__Your assignment__.
Each entry below is to be returned exactly, with any pictures left out.
START Entries provided
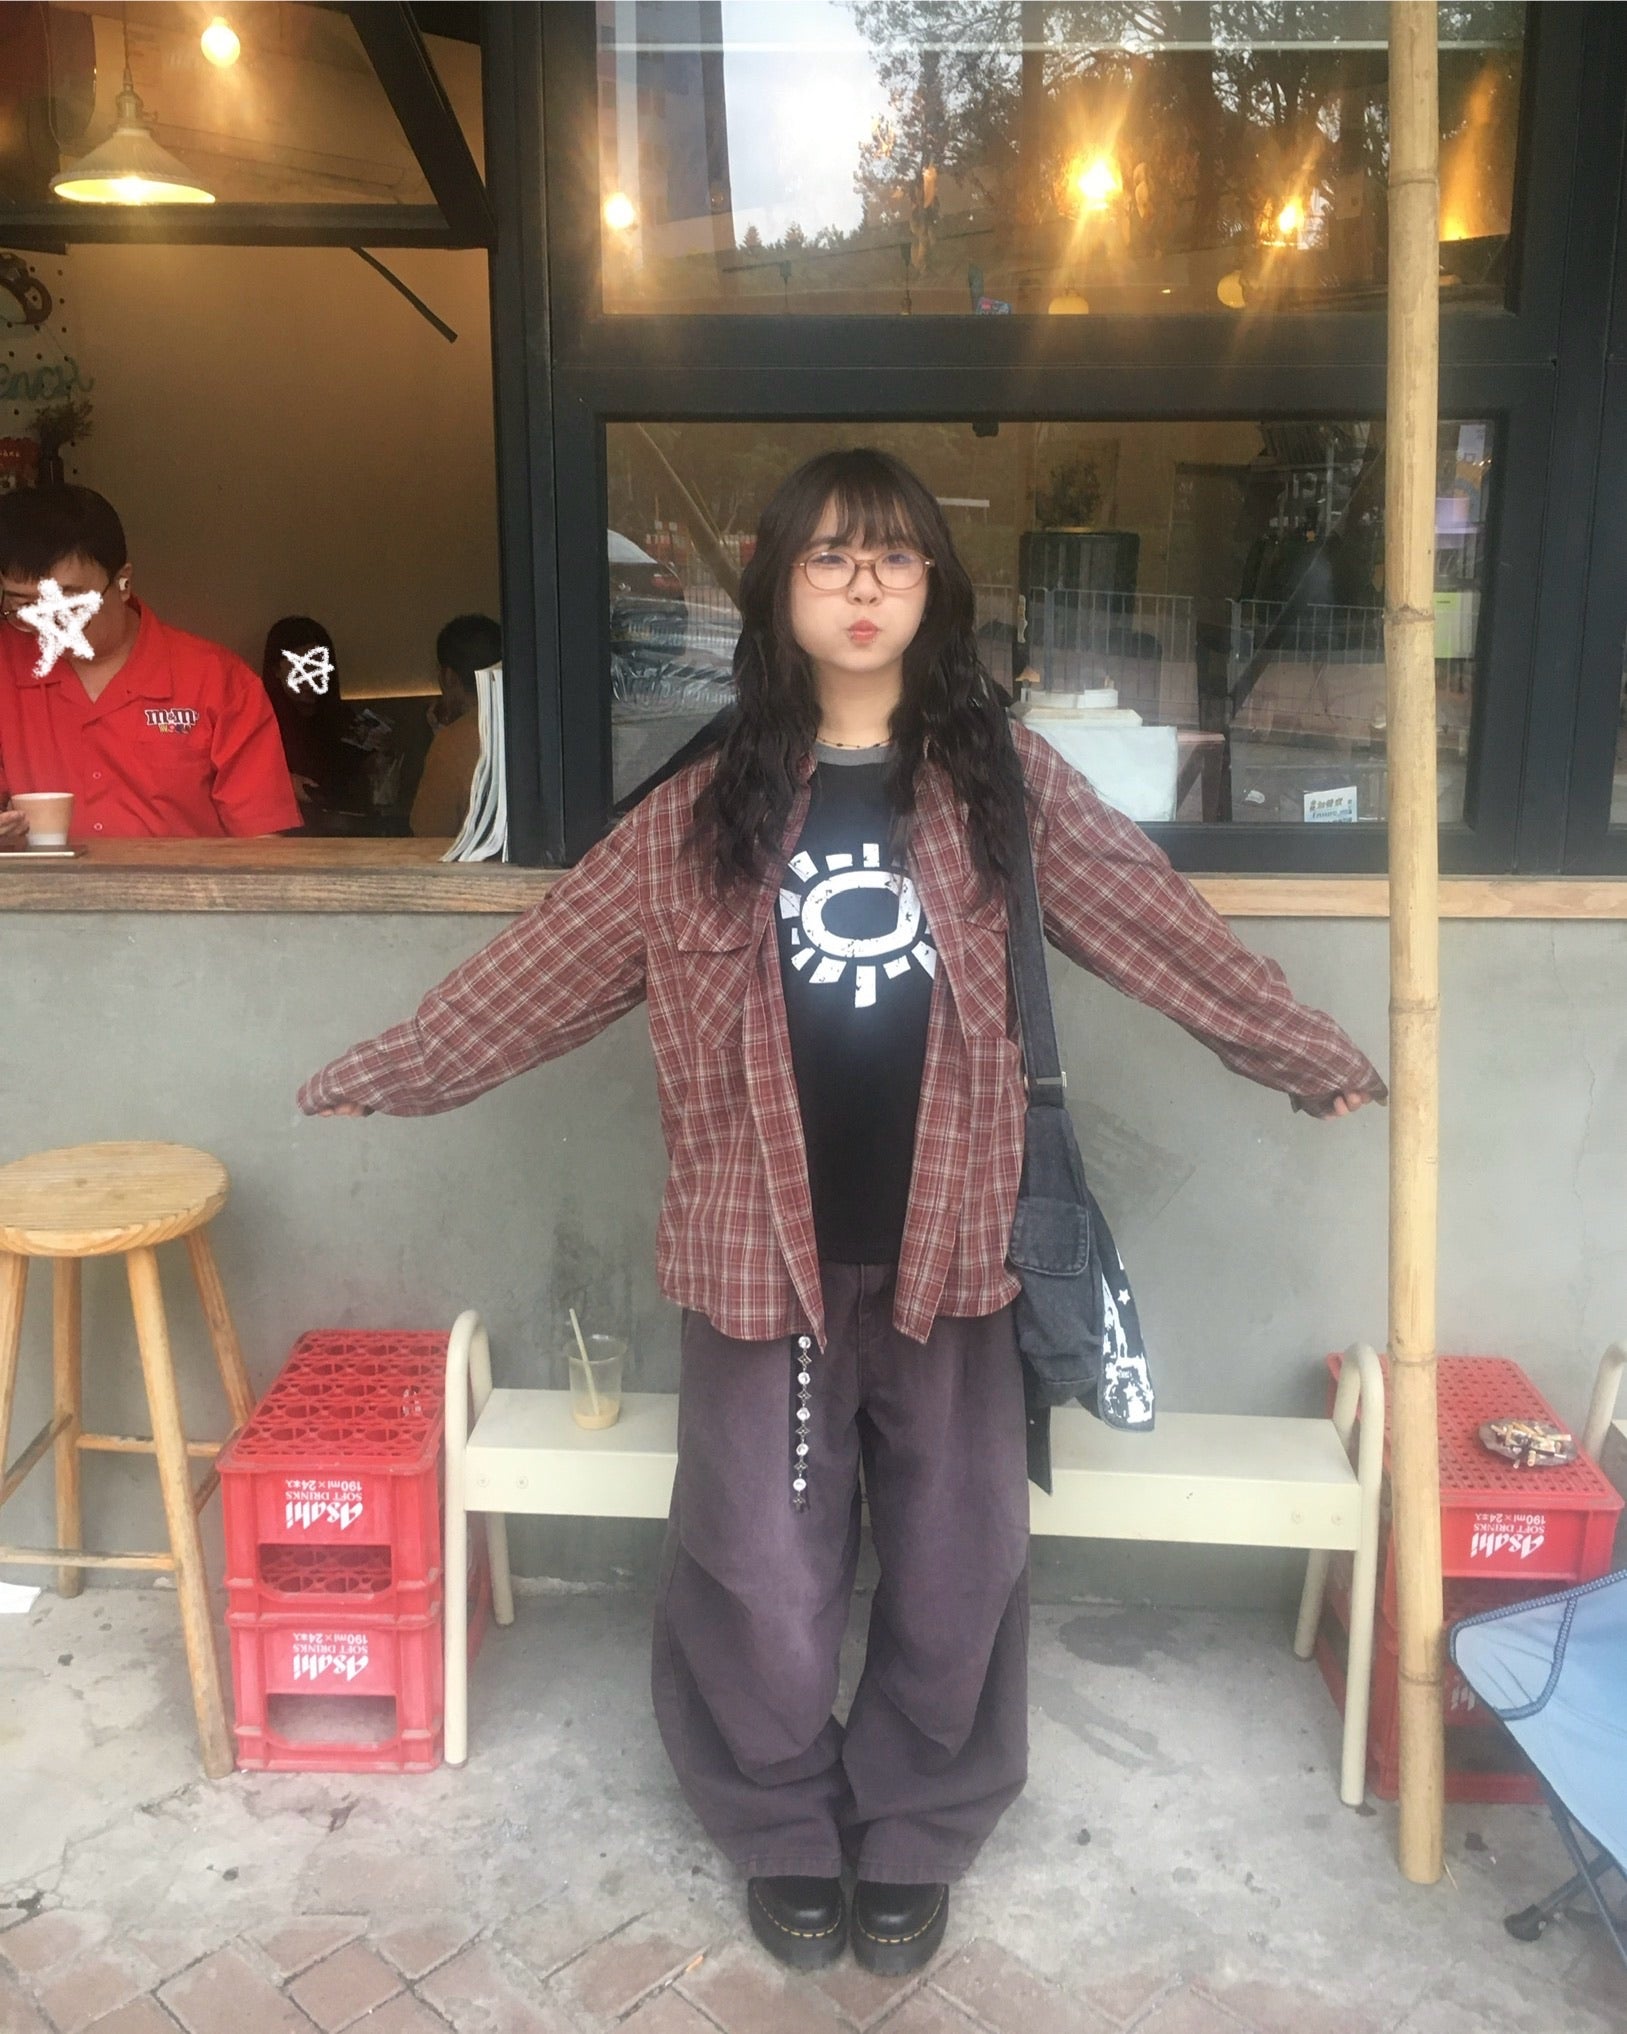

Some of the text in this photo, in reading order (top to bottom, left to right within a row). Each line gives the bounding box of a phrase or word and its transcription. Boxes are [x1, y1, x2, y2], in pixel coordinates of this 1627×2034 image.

[285, 1490, 362, 1501] SOFT DRINKS
[286, 1501, 363, 1531] Asahi
[1473, 1523, 1545, 1534] SOFT DRINKS
[1470, 1532, 1545, 1559] Asahi
[292, 1643, 368, 1655] SOFT DRINKS
[293, 1653, 369, 1682] Asahi
END Entries provided
__Exercise answer__.
Some of the text in this photo, in reading order (top to bottom, left to right within a row). Each line gives the bounding box of a phrase or word and its transcription. Boxes are [x1, y1, x2, y2], in pixel coordinates of this 1627×2034 image.

[285, 1490, 362, 1501] SOFT DRINKS
[286, 1501, 363, 1531] Asahi
[1473, 1523, 1545, 1534] SOFT DRINKS
[1470, 1532, 1545, 1559] Asahi
[292, 1643, 368, 1655] SOFT DRINKS
[293, 1653, 369, 1682] Asahi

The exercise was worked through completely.